- Task details -
Copy the records exactly, leaving out every picture.

- Data for processing -
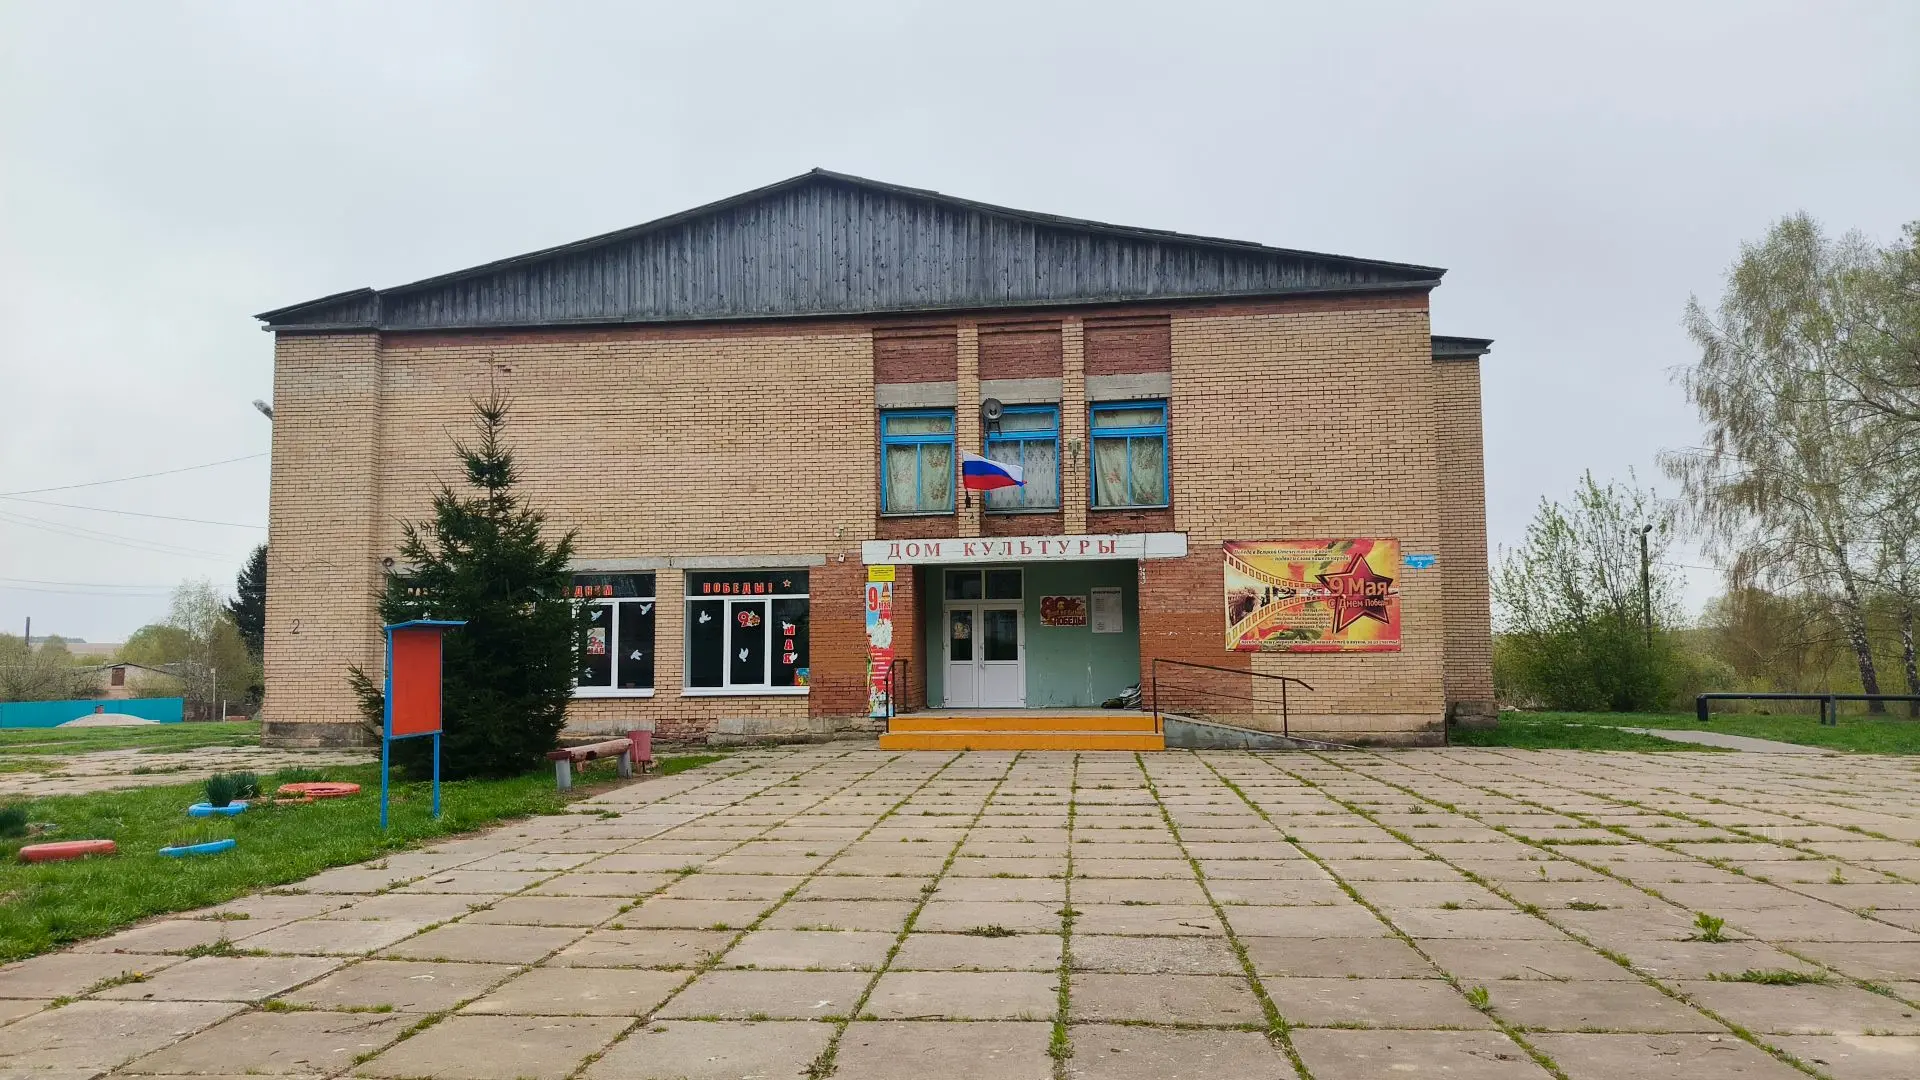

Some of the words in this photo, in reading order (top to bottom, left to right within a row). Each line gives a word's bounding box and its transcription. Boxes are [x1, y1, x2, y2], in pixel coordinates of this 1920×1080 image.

[887, 541, 941, 560] ДОМ
[963, 539, 1117, 557] КУЛЬТУРЫ
[1329, 577, 1344, 596] 9
[1348, 577, 1387, 596] Мая
[868, 586, 878, 611] 9
[1339, 597, 1363, 610] Днем
[291, 619, 300, 634] 2
[738, 611, 750, 627] 9
[1054, 616, 1087, 626] ПОБЕДЫ
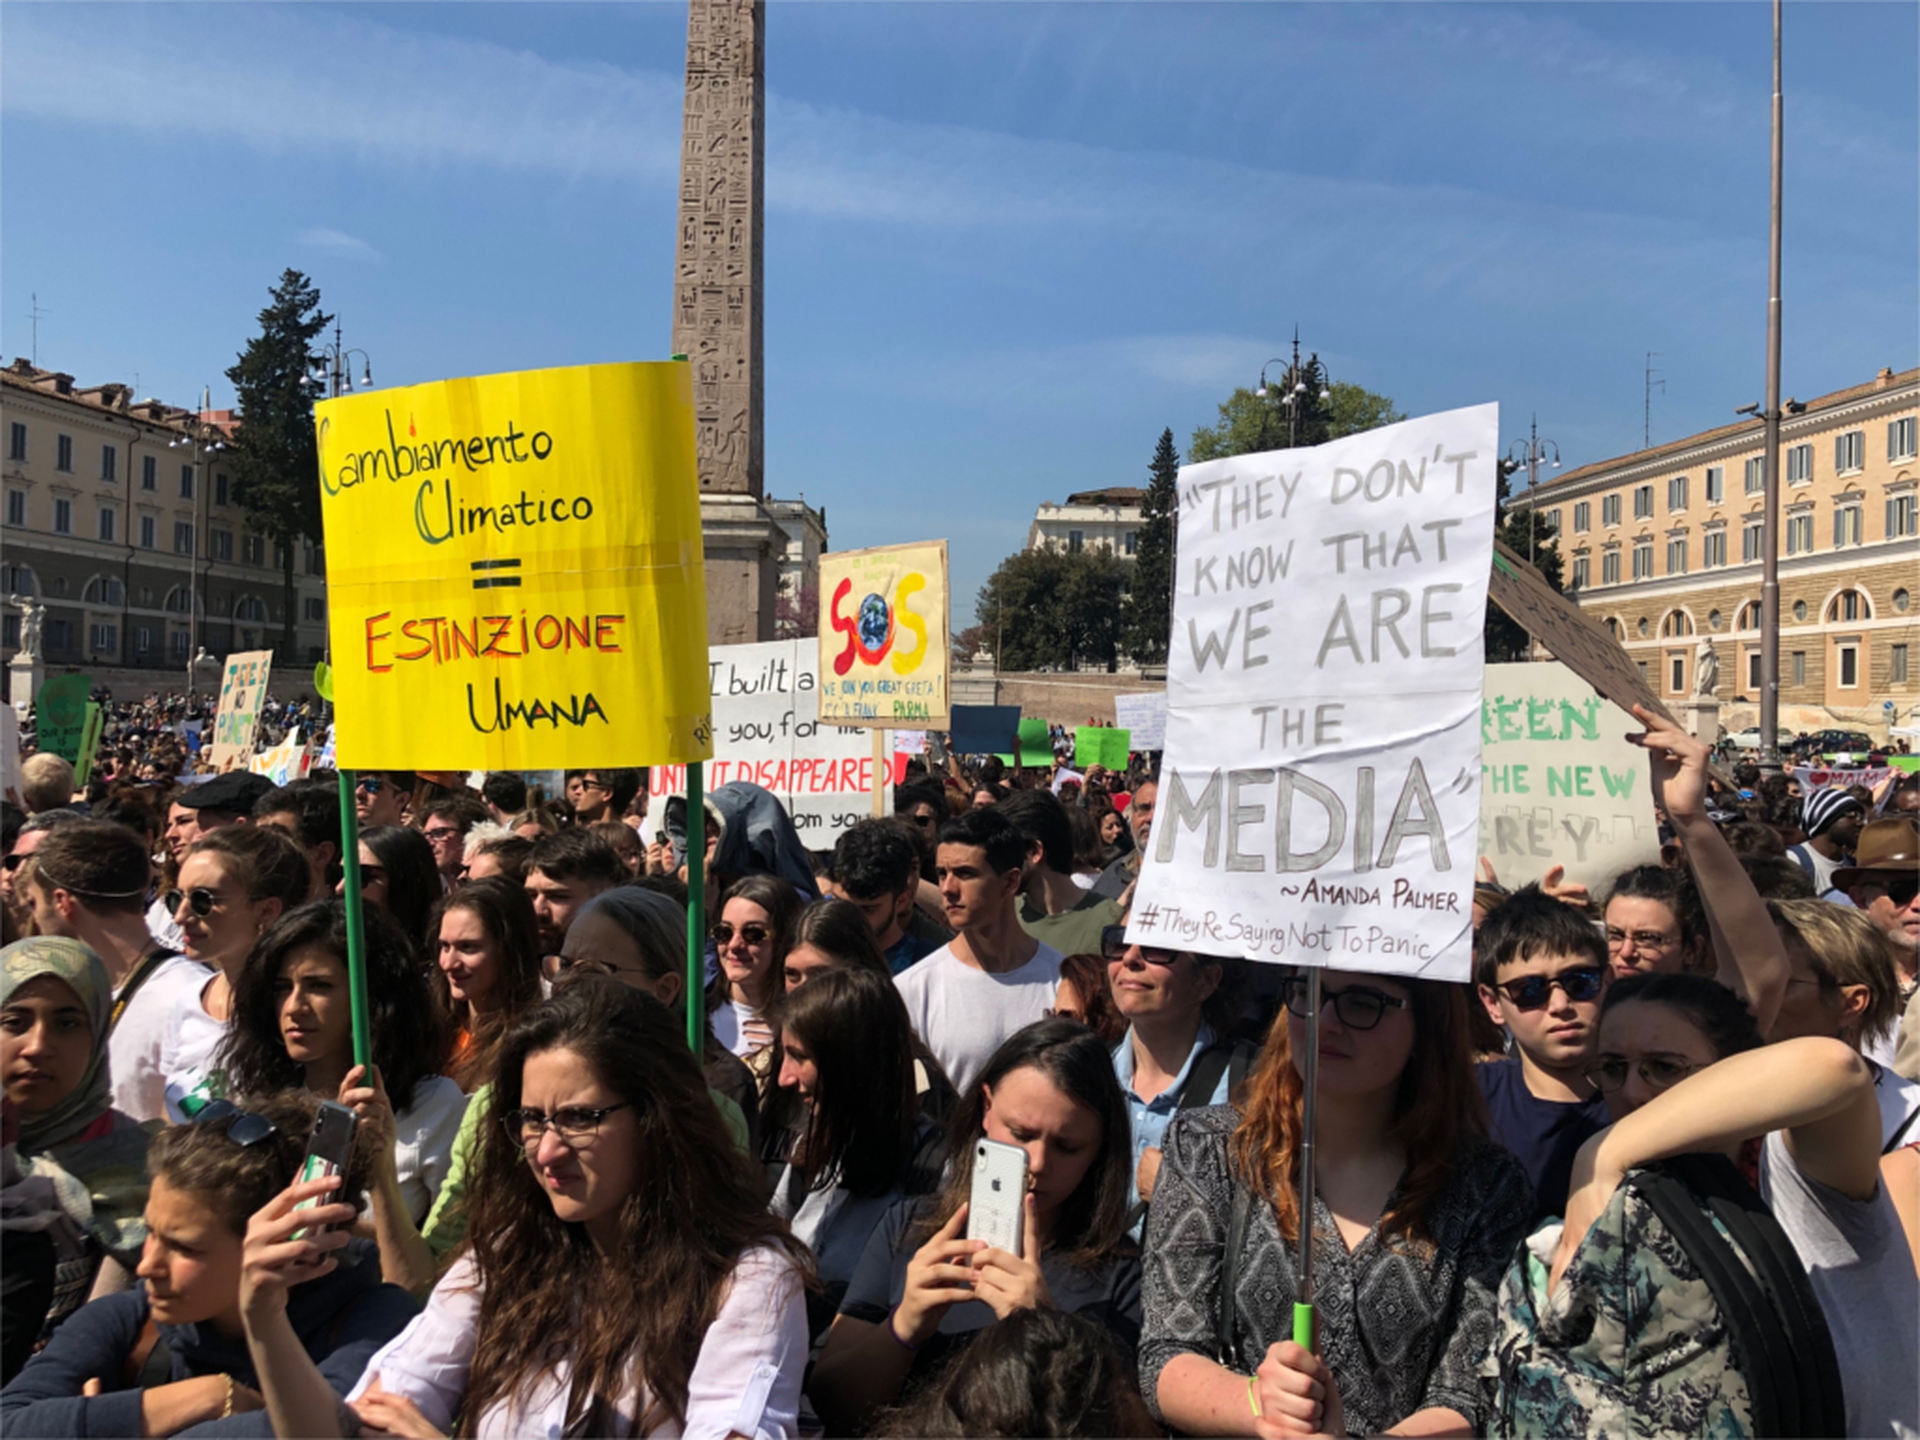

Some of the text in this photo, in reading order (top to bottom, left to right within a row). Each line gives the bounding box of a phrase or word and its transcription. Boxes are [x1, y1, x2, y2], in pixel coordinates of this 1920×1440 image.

[318, 408, 553, 497] Cambiamento
[1330, 443, 1477, 506] DON'T
[414, 479, 593, 545] Climatico
[1193, 517, 1463, 597] KNOW THAT
[830, 572, 928, 677] SOS
[1187, 599, 1275, 674] WE
[1313, 582, 1464, 670] ARE
[466, 677, 608, 733] UMANA
[728, 658, 788, 696] built
[797, 671, 815, 692] a
[877, 680, 902, 695] GREAT
[893, 700, 931, 723] PARMA
[1251, 702, 1346, 750] THE
[1546, 764, 1637, 801] NEW
[1392, 877, 1461, 915] PALMER

- Output for this exercise -
Some of the words in this photo, in reading order (top to bottom, left to right within a row). Each line gives a word's bounding box and its transcription. Boxes are [x1, y1, x2, y2], in pixel coordinates of this 1920×1080 image.

[887, 541, 941, 560] ДОМ
[963, 539, 1117, 557] КУЛЬТУРЫ
[1329, 577, 1344, 596] 9
[1348, 577, 1387, 596] Мая
[868, 586, 878, 611] 9
[1339, 597, 1363, 610] Днем
[291, 619, 300, 634] 2
[738, 611, 750, 627] 9
[1054, 616, 1087, 626] ПОБЕДЫ

Some of the text in this photo, in reading order (top to bottom, left to right within a row). Each line gives the bounding box of a phrase or word and its transcription. Boxes are [x1, y1, x2, y2], in pixel coordinates of this 1920×1440 image.

[318, 408, 553, 497] Cambiamento
[1330, 443, 1477, 506] DON'T
[414, 479, 593, 545] Climatico
[1193, 517, 1463, 597] KNOW THAT
[830, 572, 928, 677] SOS
[1187, 599, 1275, 674] WE
[1313, 582, 1464, 670] ARE
[466, 677, 608, 733] UMANA
[728, 658, 788, 696] built
[797, 671, 815, 692] a
[877, 680, 902, 695] GREAT
[893, 700, 931, 723] PARMA
[1251, 702, 1346, 750] THE
[1546, 764, 1637, 801] NEW
[1392, 877, 1461, 915] PALMER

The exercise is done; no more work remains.